WHAT TO WORK ON ::
Print out each entry below in full, exactly as given, excluding pictures.

··· RECORDS SUPPLIED

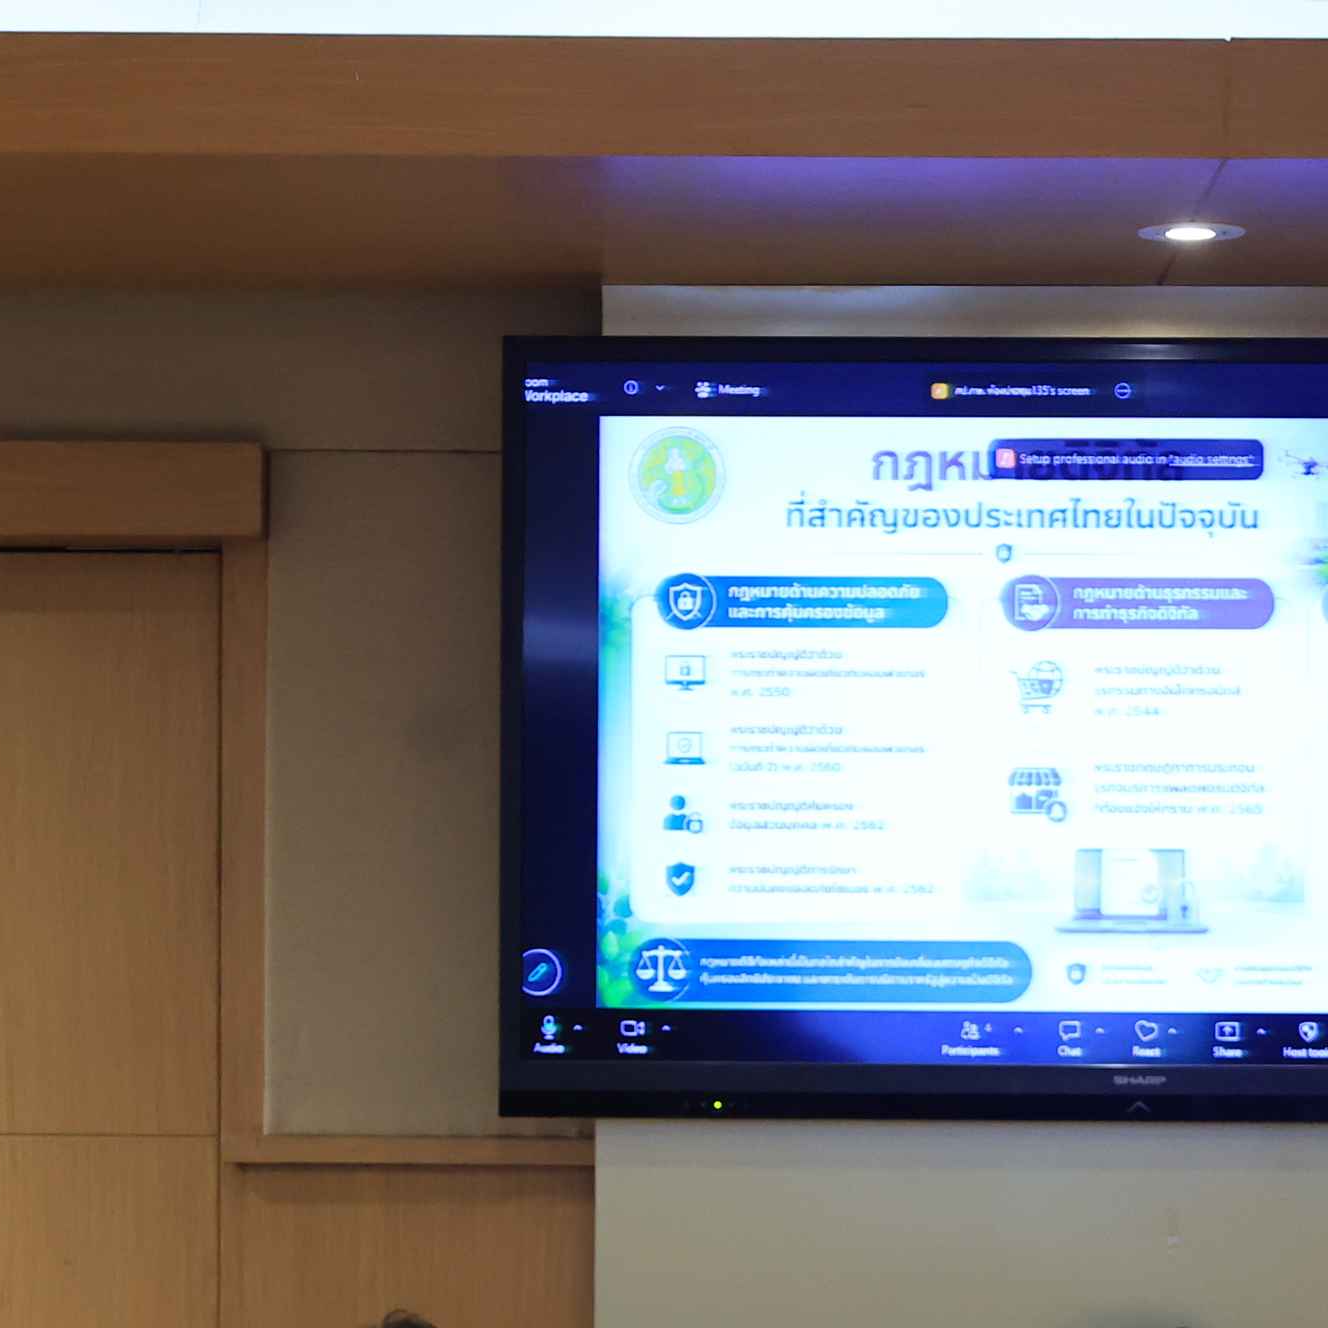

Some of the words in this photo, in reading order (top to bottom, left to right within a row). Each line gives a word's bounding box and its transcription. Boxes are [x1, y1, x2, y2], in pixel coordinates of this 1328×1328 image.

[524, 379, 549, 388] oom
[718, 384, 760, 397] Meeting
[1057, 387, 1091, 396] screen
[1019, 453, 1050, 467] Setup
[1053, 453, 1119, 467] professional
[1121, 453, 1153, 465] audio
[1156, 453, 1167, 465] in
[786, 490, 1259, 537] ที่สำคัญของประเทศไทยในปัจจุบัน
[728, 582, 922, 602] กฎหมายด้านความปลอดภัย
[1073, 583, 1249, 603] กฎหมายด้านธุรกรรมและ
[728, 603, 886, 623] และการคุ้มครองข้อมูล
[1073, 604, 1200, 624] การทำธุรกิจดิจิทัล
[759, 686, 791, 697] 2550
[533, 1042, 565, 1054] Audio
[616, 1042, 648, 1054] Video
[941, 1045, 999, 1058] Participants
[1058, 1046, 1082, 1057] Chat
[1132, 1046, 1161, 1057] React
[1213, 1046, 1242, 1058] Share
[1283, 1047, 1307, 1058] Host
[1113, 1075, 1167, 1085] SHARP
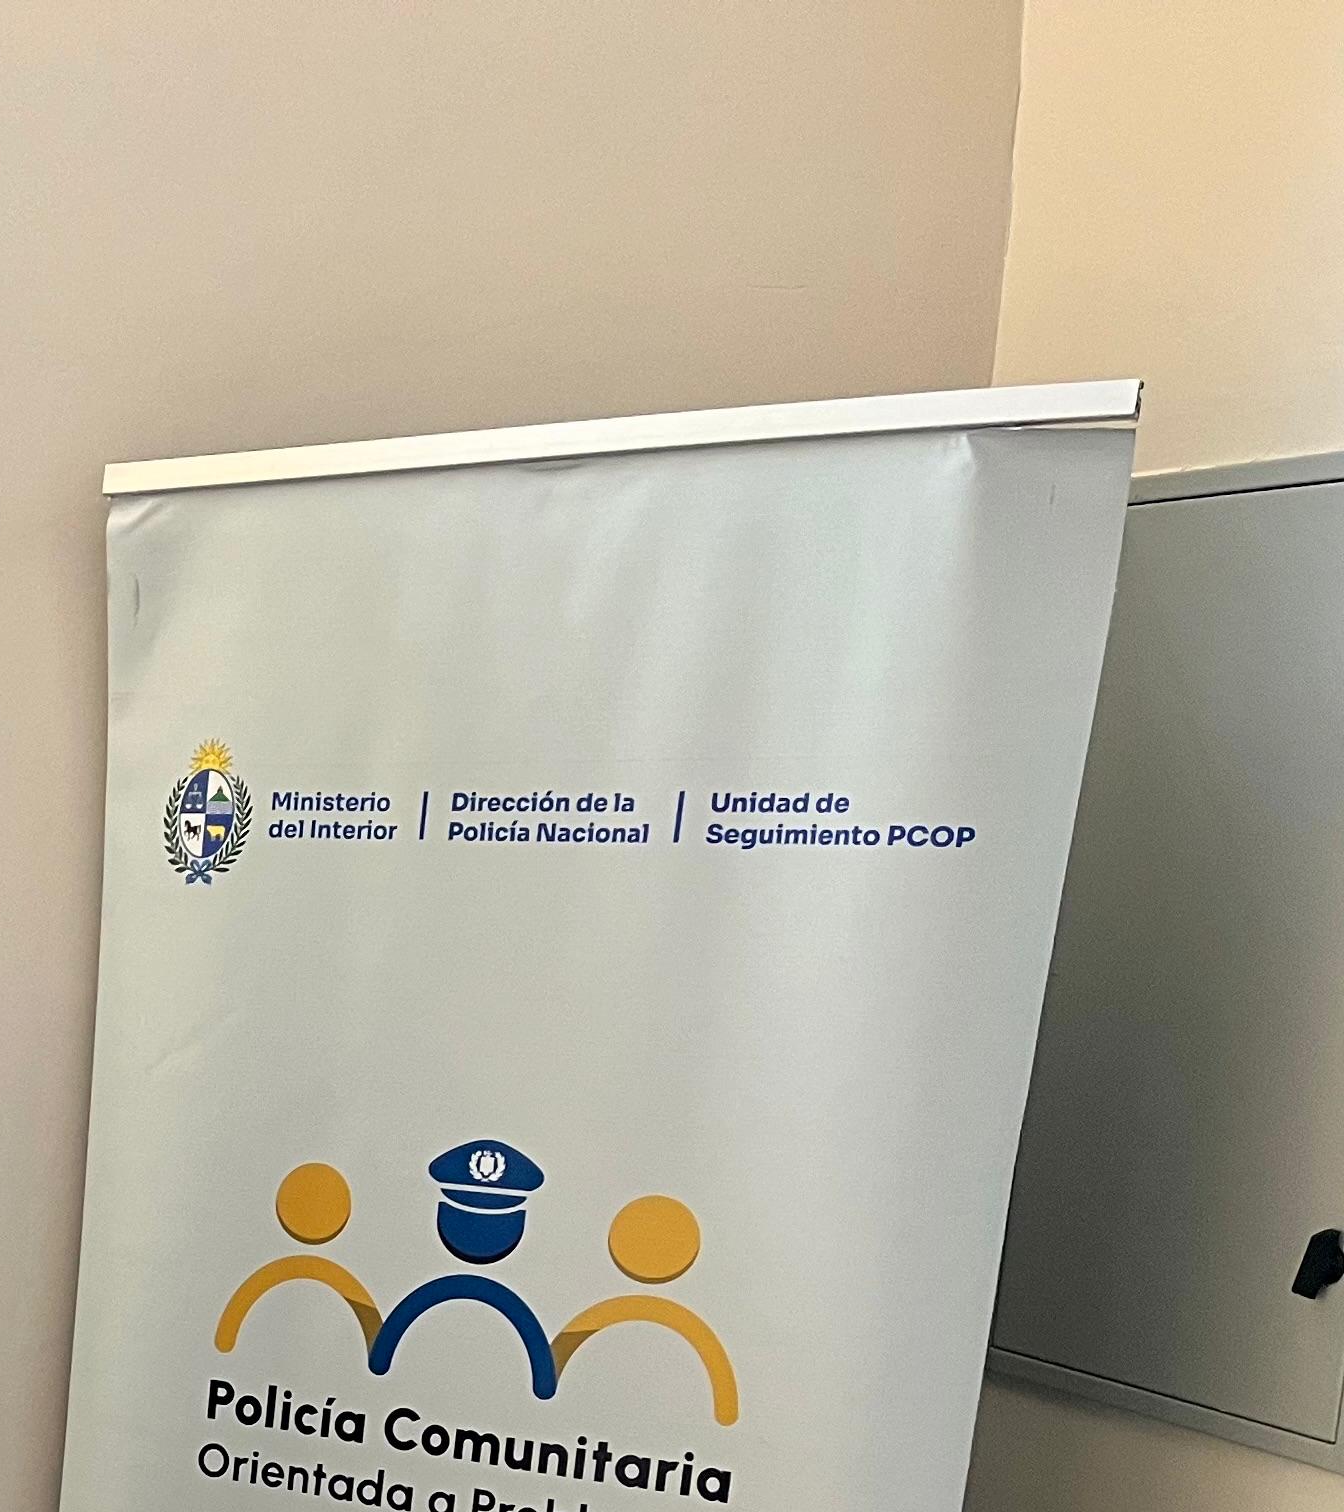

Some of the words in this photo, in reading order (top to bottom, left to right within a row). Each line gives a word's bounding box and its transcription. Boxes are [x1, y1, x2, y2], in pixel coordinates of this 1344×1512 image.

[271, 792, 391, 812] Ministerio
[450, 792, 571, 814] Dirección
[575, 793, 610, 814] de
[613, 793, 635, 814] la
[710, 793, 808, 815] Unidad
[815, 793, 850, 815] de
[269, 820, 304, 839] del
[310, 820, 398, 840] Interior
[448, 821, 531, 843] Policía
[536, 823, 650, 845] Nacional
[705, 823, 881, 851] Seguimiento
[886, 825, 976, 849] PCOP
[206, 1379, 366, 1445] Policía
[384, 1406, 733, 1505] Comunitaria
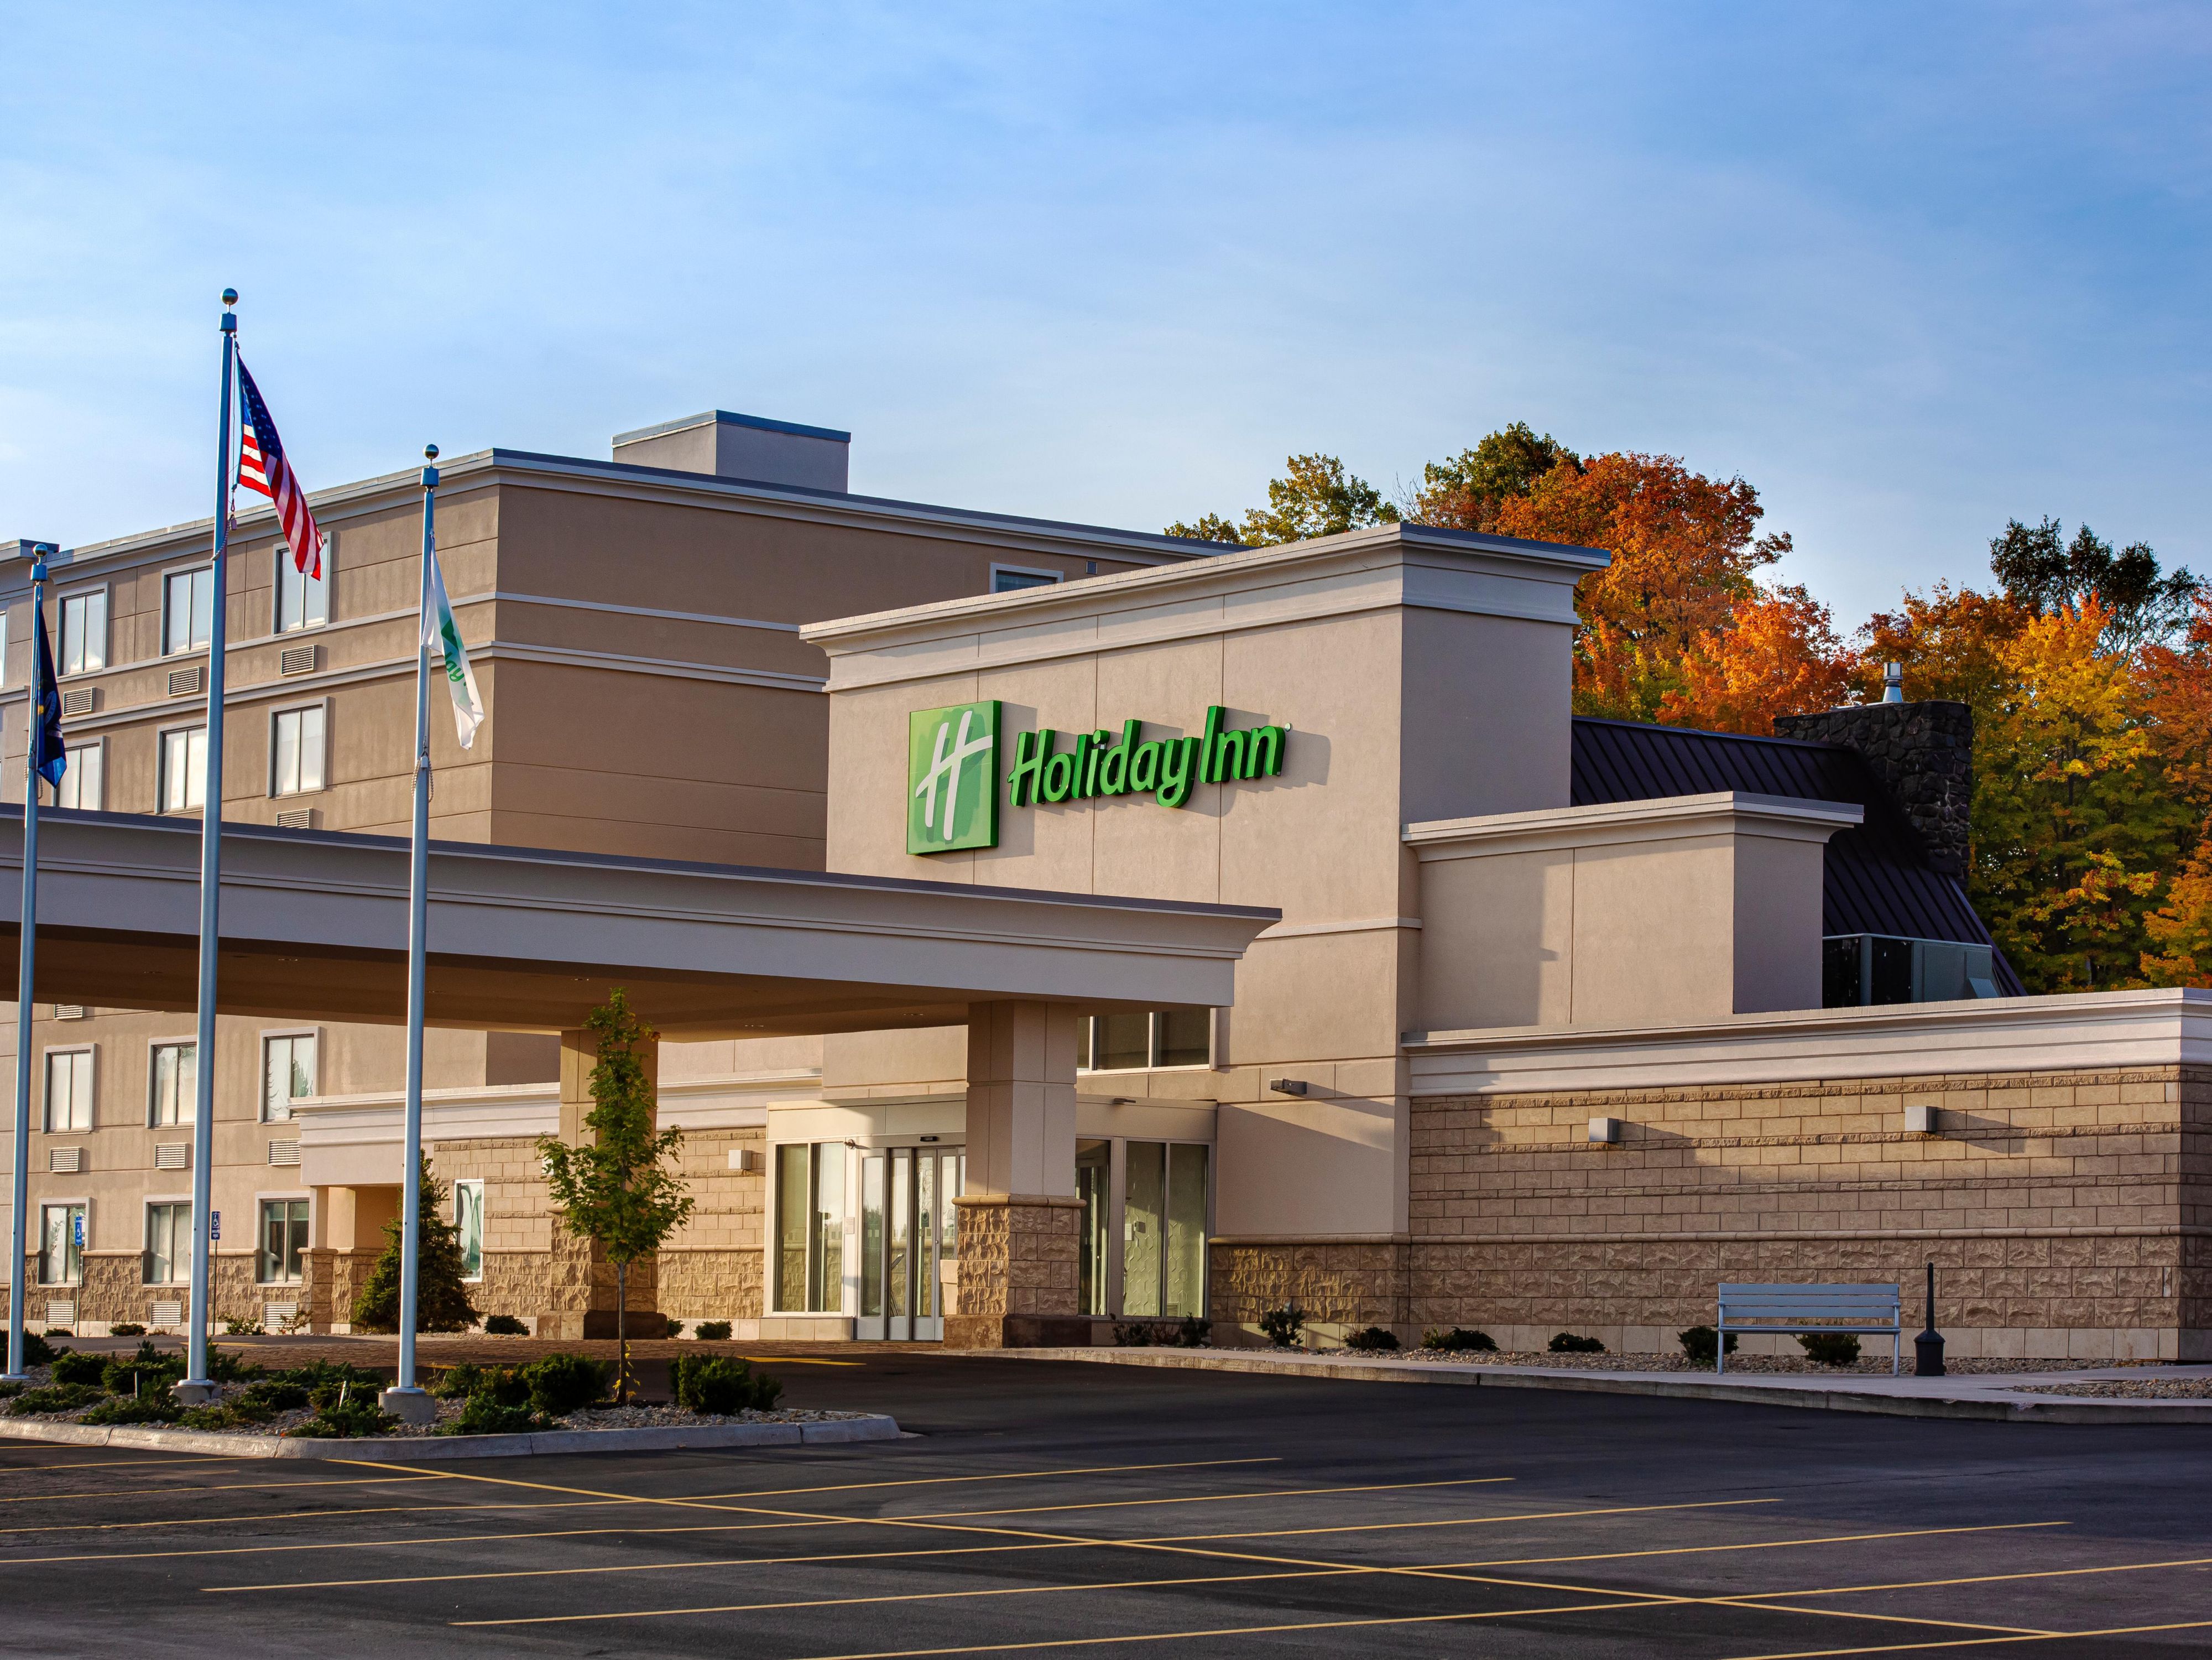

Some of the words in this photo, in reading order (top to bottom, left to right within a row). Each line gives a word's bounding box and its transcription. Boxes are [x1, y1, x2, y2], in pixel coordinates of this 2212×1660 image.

······

PROBLEM SOLUTION ::
Some of the words in this photo, in reading order (top to bottom, left to right within a row). Each line gives a word's bounding box and its transcription. Boxes are [x1, y1, x2, y2], in pixel coordinates of this 1328×1328 image.

[524, 379, 549, 388] oom
[718, 384, 760, 397] Meeting
[1057, 387, 1091, 396] screen
[1019, 453, 1050, 467] Setup
[1053, 453, 1119, 467] professional
[1121, 453, 1153, 465] audio
[1156, 453, 1167, 465] in
[786, 490, 1259, 537] ที่สำคัญของประเทศไทยในปัจจุบัน
[728, 582, 922, 602] กฎหมายด้านความปลอดภัย
[1073, 583, 1249, 603] กฎหมายด้านธุรกรรมและ
[728, 603, 886, 623] และการคุ้มครองข้อมูล
[1073, 604, 1200, 624] การทำธุรกิจดิจิทัล
[759, 686, 791, 697] 2550
[533, 1042, 565, 1054] Audio
[616, 1042, 648, 1054] Video
[941, 1045, 999, 1058] Participants
[1058, 1046, 1082, 1057] Chat
[1132, 1046, 1161, 1057] React
[1213, 1046, 1242, 1058] Share
[1283, 1047, 1307, 1058] Host
[1113, 1075, 1167, 1085] SHARP

Some of the words in this photo, in reading order (top to bottom, left to right within a row). Each line gives a word's bounding box and its transcription. Boxes are [x1, y1, x2, y2], in pixel coordinates of this 1344×1512 image.

[271, 792, 391, 812] Ministerio
[450, 792, 571, 814] Dirección
[575, 793, 610, 814] de
[613, 793, 635, 814] la
[710, 793, 808, 815] Unidad
[815, 793, 850, 815] de
[269, 820, 304, 839] del
[310, 820, 398, 840] Interior
[448, 821, 531, 843] Policía
[536, 823, 650, 845] Nacional
[705, 823, 881, 851] Seguimiento
[886, 825, 976, 849] PCOP
[206, 1379, 366, 1445] Policía
[384, 1406, 733, 1505] Comunitaria

Some of the words in this photo, in reading order (top to bottom, left to right within a row). Each line gives a word's bounding box and its transcription. Boxes are [x1, y1, x2, y2], in pixel coordinates of this 2212×1660 image.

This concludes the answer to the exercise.